Data to examine:
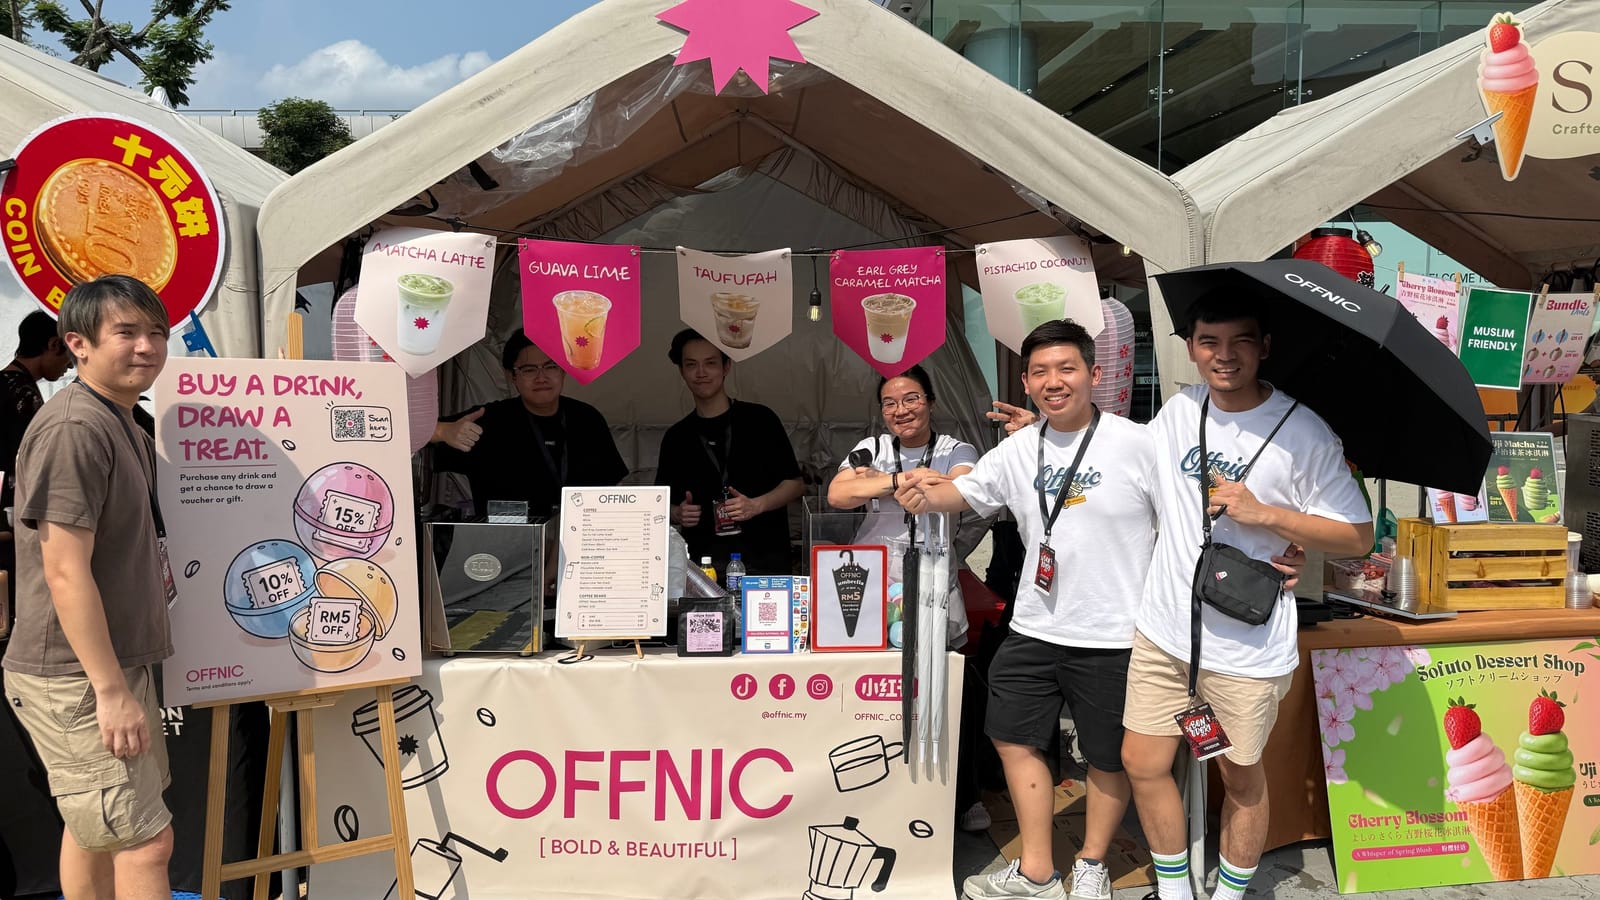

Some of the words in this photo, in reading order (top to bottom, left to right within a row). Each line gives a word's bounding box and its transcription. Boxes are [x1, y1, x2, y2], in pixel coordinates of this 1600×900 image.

[5, 197, 42, 277] COIN
[372, 242, 437, 262] MATCHA
[441, 253, 486, 269] LATTE
[528, 260, 579, 278] GUAVA
[583, 265, 631, 281] LIME
[856, 266, 886, 276] EARL
[889, 264, 918, 276] GREY
[984, 261, 1037, 276] PISTACHIO
[1040, 257, 1088, 269] COCONUT
[693, 266, 778, 287] TAUFUFAH
[834, 276, 891, 289] CARAMEL
[894, 275, 941, 288] MATCHA
[1284, 273, 1361, 313] OFFNIC
[1546, 299, 1588, 311] Bundle
[1473, 326, 1515, 339] MUSLIM
[1467, 338, 1517, 352] FRIENDLY
[177, 373, 237, 396] BUY
[245, 374, 265, 396] A
[273, 374, 363, 400] DRINK,
[178, 405, 263, 428] DRAW
[272, 406, 292, 427] A
[368, 414, 389, 422] Scan
[369, 423, 387, 431] here
[179, 438, 268, 461] TREAT.
[1504, 440, 1536, 448] Matcha
[179, 473, 219, 482] Purchase
[220, 474, 237, 483] any
[238, 472, 258, 480] drink
[259, 471, 277, 479] and
[180, 484, 194, 493] get
[203, 483, 233, 491] chance
[235, 483, 244, 491] to
[245, 482, 266, 490] draw
[180, 496, 214, 504] voucher
[227, 494, 244, 504] gift.
[598, 494, 637, 504] OFFNIC
[334, 506, 365, 526] 15%
[335, 523, 357, 533] OFF
[259, 572, 293, 594] 10%
[837, 579, 864, 587] umbrella
[268, 589, 290, 603] OFF
[841, 591, 861, 601] RM5
[320, 610, 351, 625] RM5
[322, 625, 344, 635] OFF
[186, 664, 244, 682] OFFNIC
[1416, 657, 1472, 683] Sofuto
[1475, 653, 1539, 671] Dessert
[1543, 653, 1585, 677] Shop
[1445, 672, 1563, 691] ソフトクリームショップ
[761, 710, 807, 721] @offnic.my
[1579, 762, 1597, 779] Uji
[486, 748, 794, 821] OFFNIC
[1348, 813, 1402, 830] Cherry
[1405, 810, 1468, 825] Blossom
[551, 839, 602, 855] BOLD
[607, 840, 620, 855] &
[626, 840, 727, 858] BEAUTIFUL
[1395, 847, 1416, 858] Spring

Activity: Print the listing word for word, but omit the pictures.

Your response:
Some of the words in this photo, in reading order (top to bottom, left to right within a row). Each line gives a word's bounding box and its transcription. Boxes are [x1, y1, x2, y2], in pixel coordinates of this 1600×900 image.

[5, 197, 42, 277] COIN
[372, 242, 437, 262] MATCHA
[441, 253, 486, 269] LATTE
[528, 260, 579, 278] GUAVA
[583, 265, 631, 281] LIME
[856, 266, 886, 276] EARL
[889, 264, 918, 276] GREY
[984, 261, 1037, 276] PISTACHIO
[1040, 257, 1088, 269] COCONUT
[693, 266, 778, 287] TAUFUFAH
[834, 276, 891, 289] CARAMEL
[894, 275, 941, 288] MATCHA
[1284, 273, 1361, 313] OFFNIC
[1546, 299, 1588, 311] Bundle
[1473, 326, 1515, 339] MUSLIM
[1467, 338, 1517, 352] FRIENDLY
[177, 373, 237, 396] BUY
[245, 374, 265, 396] A
[273, 374, 363, 400] DRINK,
[178, 405, 263, 428] DRAW
[272, 406, 292, 427] A
[368, 414, 389, 422] Scan
[369, 423, 387, 431] here
[179, 438, 268, 461] TREAT.
[1504, 440, 1536, 448] Matcha
[179, 473, 219, 482] Purchase
[220, 474, 237, 483] any
[238, 472, 258, 480] drink
[259, 471, 277, 479] and
[180, 484, 194, 493] get
[203, 483, 233, 491] chance
[235, 483, 244, 491] to
[245, 482, 266, 490] draw
[180, 496, 214, 504] voucher
[227, 494, 244, 504] gift.
[598, 494, 637, 504] OFFNIC
[334, 506, 365, 526] 15%
[335, 523, 357, 533] OFF
[259, 572, 293, 594] 10%
[837, 579, 864, 587] umbrella
[268, 589, 290, 603] OFF
[841, 591, 861, 601] RM5
[320, 610, 351, 625] RM5
[322, 625, 344, 635] OFF
[186, 664, 244, 682] OFFNIC
[1416, 657, 1472, 683] Sofuto
[1475, 653, 1539, 671] Dessert
[1543, 653, 1585, 677] Shop
[1445, 672, 1563, 691] ソフトクリームショップ
[761, 710, 807, 721] @offnic.my
[1579, 762, 1597, 779] Uji
[486, 748, 794, 821] OFFNIC
[1348, 813, 1402, 830] Cherry
[1405, 810, 1468, 825] Blossom
[551, 839, 602, 855] BOLD
[607, 840, 620, 855] &
[626, 840, 727, 858] BEAUTIFUL
[1395, 847, 1416, 858] Spring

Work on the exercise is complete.